Tag Archives: surgery

Boy Crazy/Spring Fever

I have a confession to make:  I am boy crazy for the first time in a looong time.  Or, at least, that’s probably what it seems like to everyone lately.  I’ve been flirting like there’s no tomorrow, “hitting on” my friends, and talking a lot about “dudes” in my tweets.

But . . . there’s more to it.

It’s not so much that I am reverting in maturity to a boy crazy junior high schooler.  No, there’s more to it.  I do, however, admit to a bit of a reversion lately (drinking more on the weekends, staying up late, etc.).

Again, there’s more to it.

First, a little background.  I’ll cut straight to the more recent history.  In college, I was very confident in myself.  While I knew I was not the prettiest, or skinniest, girl, I knew that I could still go after whatever (or whoever) I wanted.  And so I did.  I’m not saying I would throw myself at men, or that I would approach anyone.  Rather, if I was interested in someone, I didn’t automatically discredit the idea–I would pursue the idea.  Sometimes I would be “succesful,” other times I would fail.  And of course there were the times where I would fail MISERABLY.  But the point?  I was trying, and I was putting myself out there.  Nothing was out of reach if I wanted it bad enough.

"Look at me! I'm a freshman in college and I exude confidence!"

"Look at me!

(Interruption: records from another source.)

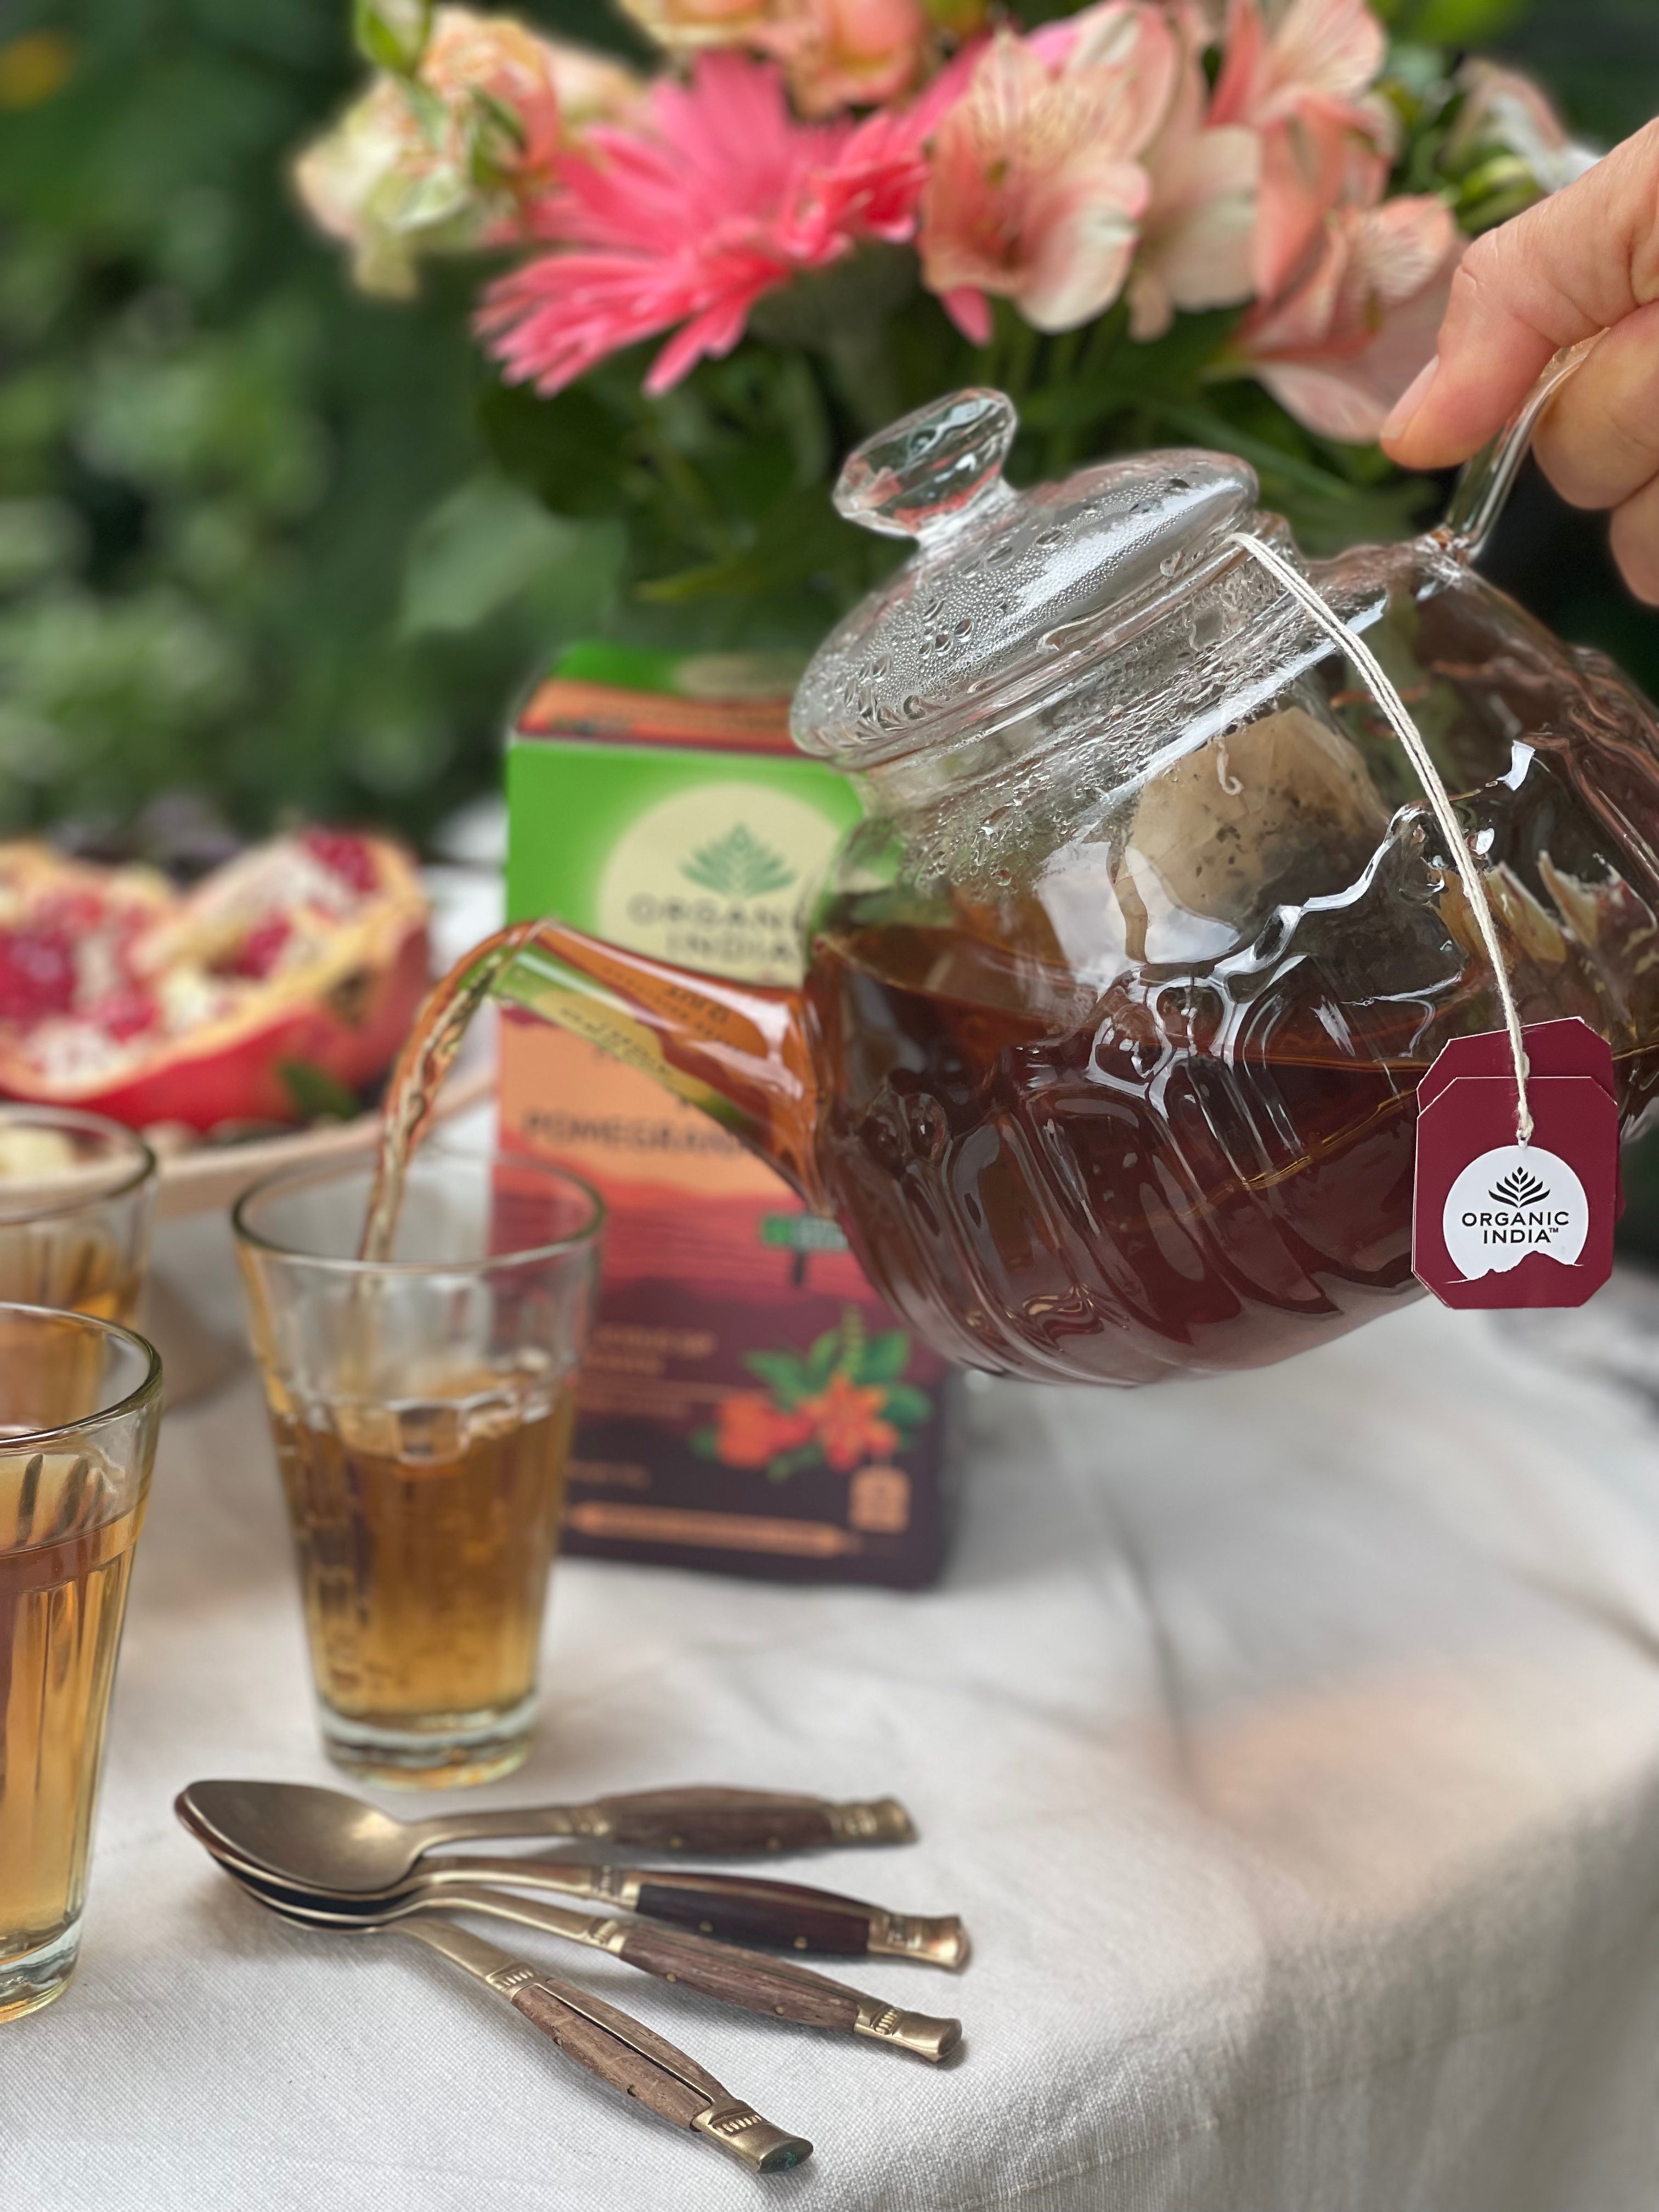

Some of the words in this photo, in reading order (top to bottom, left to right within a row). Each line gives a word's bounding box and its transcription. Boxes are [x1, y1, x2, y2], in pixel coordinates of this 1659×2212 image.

[626, 891, 801, 930] ORGANI
[522, 1107, 744, 1153] POMEGRAN
[1462, 1211, 1570, 1227] ORGANIC
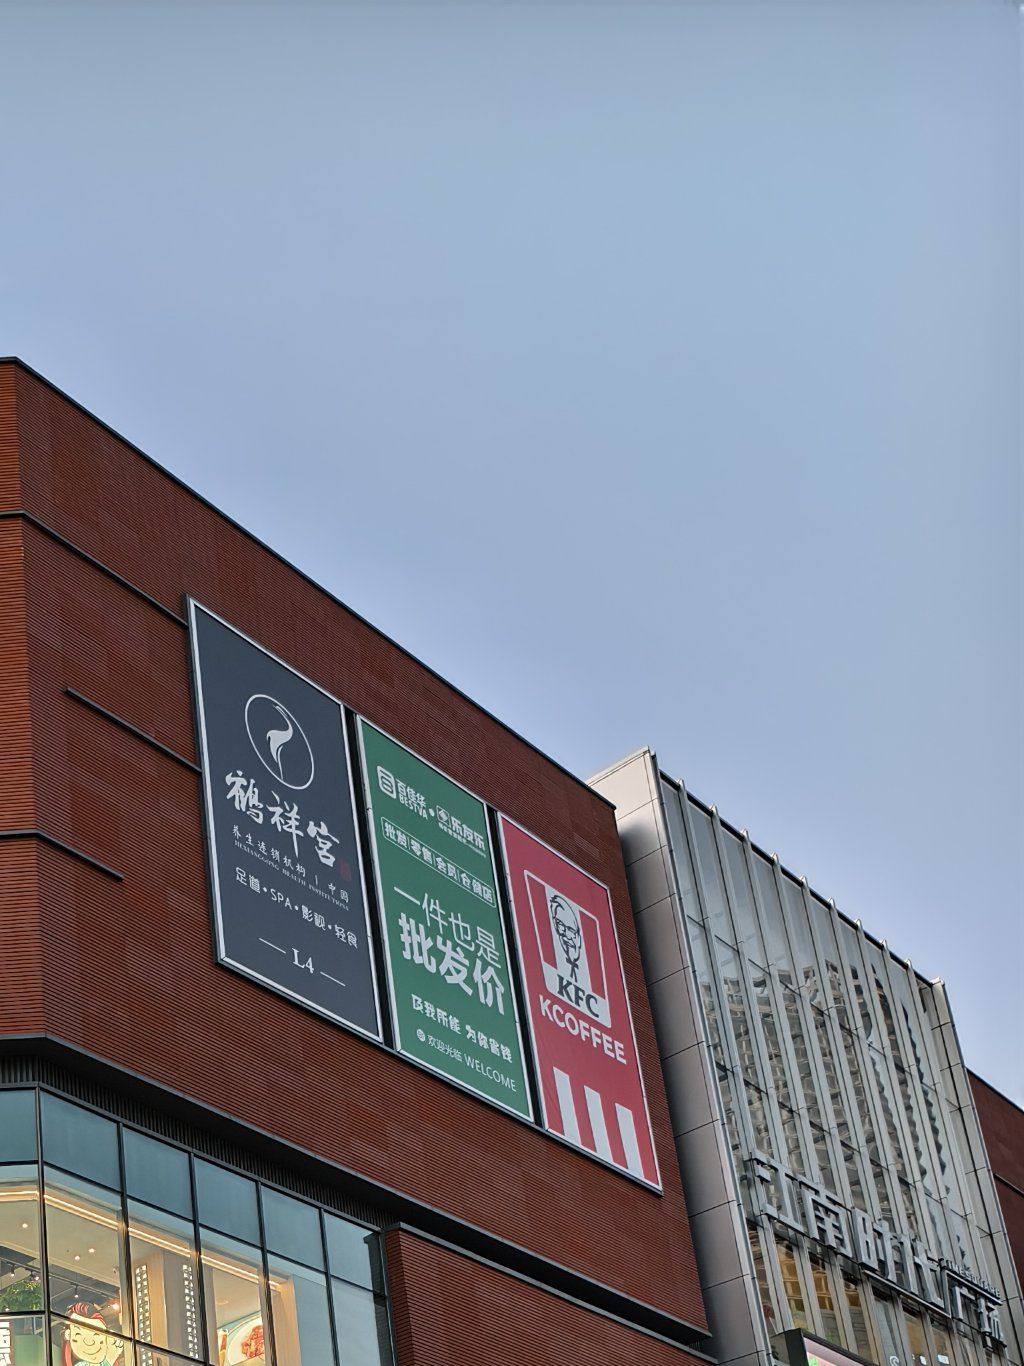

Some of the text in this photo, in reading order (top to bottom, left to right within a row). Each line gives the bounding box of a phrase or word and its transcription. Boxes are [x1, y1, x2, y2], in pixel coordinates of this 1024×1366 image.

[394, 887, 501, 968] 一件也是
[292, 948, 314, 974] L4
[398, 912, 505, 1015] 批发价
[557, 974, 600, 1018] KFC
[539, 994, 627, 1065] KCOFFEE
[464, 1053, 517, 1092] WELCOME
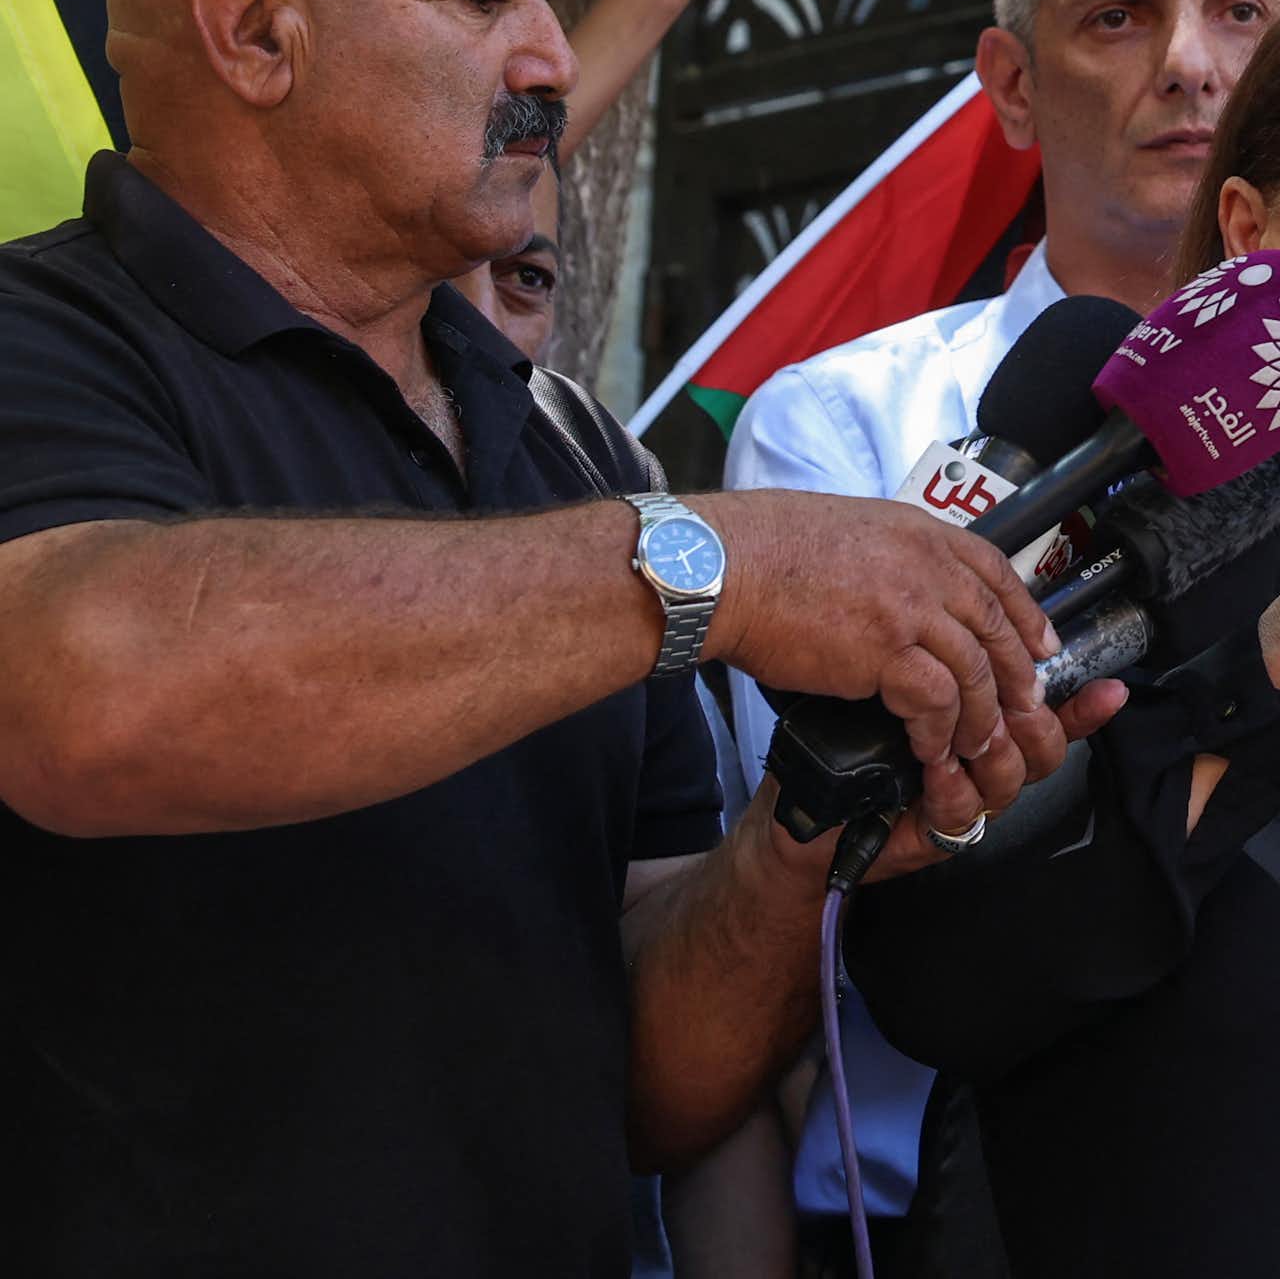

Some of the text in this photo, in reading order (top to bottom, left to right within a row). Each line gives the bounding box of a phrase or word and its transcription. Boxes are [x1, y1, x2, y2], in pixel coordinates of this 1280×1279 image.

[1179, 404, 1220, 460] alfajertv.com
[1192, 387, 1257, 447] الفجر
[948, 507, 973, 524] WAT
[1079, 547, 1124, 580] SONY

I'm a freshman in college and I exude confidence!"

Some where along the line, this all changed.  I lost my confidence.  I began to focus more on my failures–or prospective failures–and as a result, stopped trying.  I no longer saw myself as desirable and if anyone expressed interest in me, I would assume they were either: a) joking, or b) a fetishist.  I stopped caring about how I looked, and as a result of not caring stopped making any effort to look “presentable.”  I still had friends and still had good times (some of the best, actually) but I didn’t have a single “crush” and didn’t have a single “prospect.”

I considered myself to be hopeless.

But that’s all beginning to change.

I’ve spoken of this already, but the main inspiration for my surgery was to get my confidence back.  I wanted to feel comfortable in my body again.  I wanted to feel like I could be desirable again.  And so I went to that doctor, after having worked on losing the excess weight I had gained during my “I’m not worthy” stage, and had the weight lifted off my chest.  Almost literally.

And now it’s all beginning to come back to me.

The first step was to start having crushes again.  For so long, I thought crushes were futile–they would never “go anywhere” and I would just get hurt.  Well, who cares about getting hurt?!  You’re not going to accomplish anything if you never even try.  So I got my back off the wall and decided to start “looking.”

Then, I jazzed up my wardrobe.  I bought clothes that actually fit and that I felt comfortable in.  I cut my hair, finally.  I started taking care of me for once.

It’s been almost three months since my surgery and there’s already a difference.  And not just the physical difference.  I am putting myself out there.  I am working on my goals.  I am flirting (albeit a little too much sometimes–sorry if you have been one of my “victims,” ha ha!).  I am viewing myself differently.

So, if you’ve noticed a change lately, you are right.  And if I get a little annoying, just let me know, okay?!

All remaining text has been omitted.